Exercise objective: Type out each entry exactly as it appears, but keep every image out.

Excerpted records:
━━━━━━━━━━━━━━━━━━━━━━━━━━━━━━
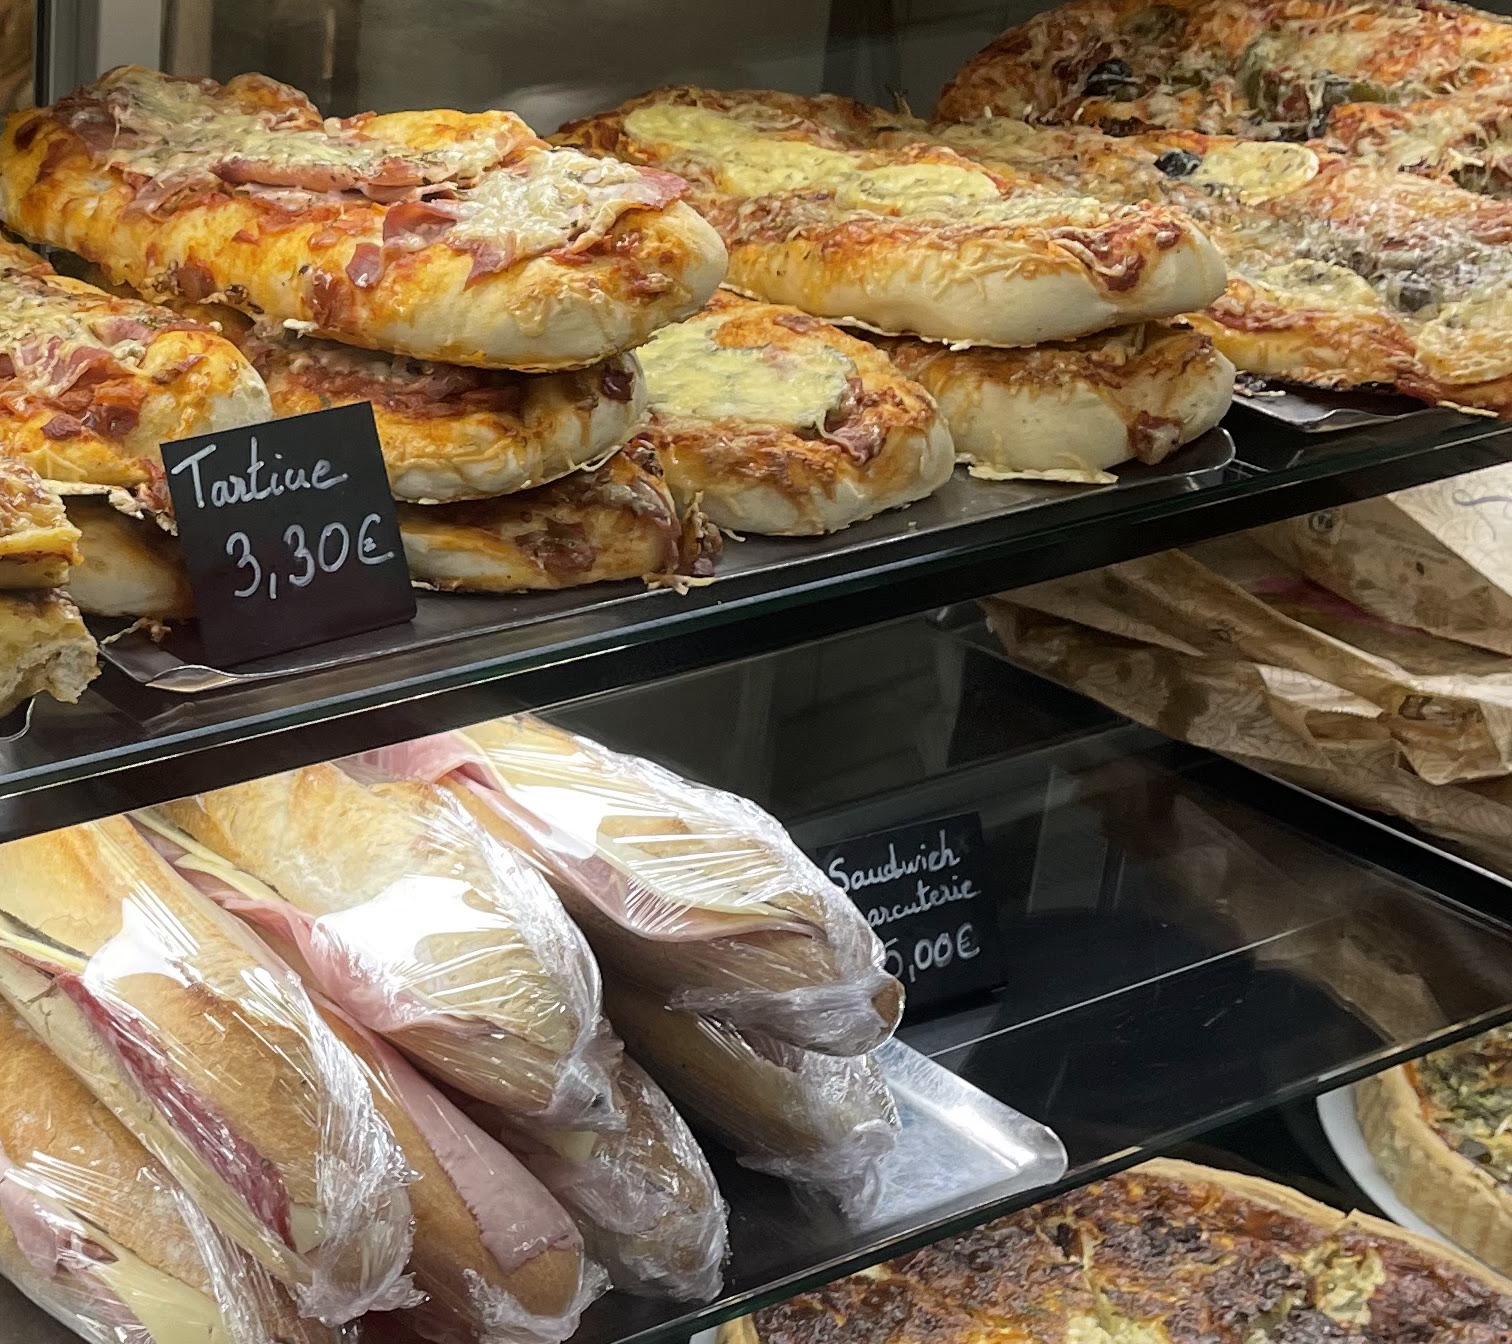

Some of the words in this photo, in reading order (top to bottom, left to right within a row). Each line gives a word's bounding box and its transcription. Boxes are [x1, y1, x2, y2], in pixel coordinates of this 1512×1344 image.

[171, 436, 348, 508] Tartine
[226, 513, 394, 599] 3,30€
[828, 829, 960, 892] Sandwich
[866, 875, 982, 928] arcuterie
[884, 922, 981, 983] 5,00€
━━━━━━━━━━━━━━━━━━━━━━━━━━━━━━
Answer space:
Some of the words in this photo, in reading order (top to bottom, left to right within a row). Each line gives a word's bounding box and its transcription. Boxes are [x1, y1, x2, y2], in pixel coordinates of this 1512×1344 image.

[171, 436, 348, 508] Tartine
[226, 513, 394, 599] 3,30€
[828, 829, 960, 892] Sandwich
[866, 875, 982, 928] arcuterie
[884, 922, 981, 983] 5,00€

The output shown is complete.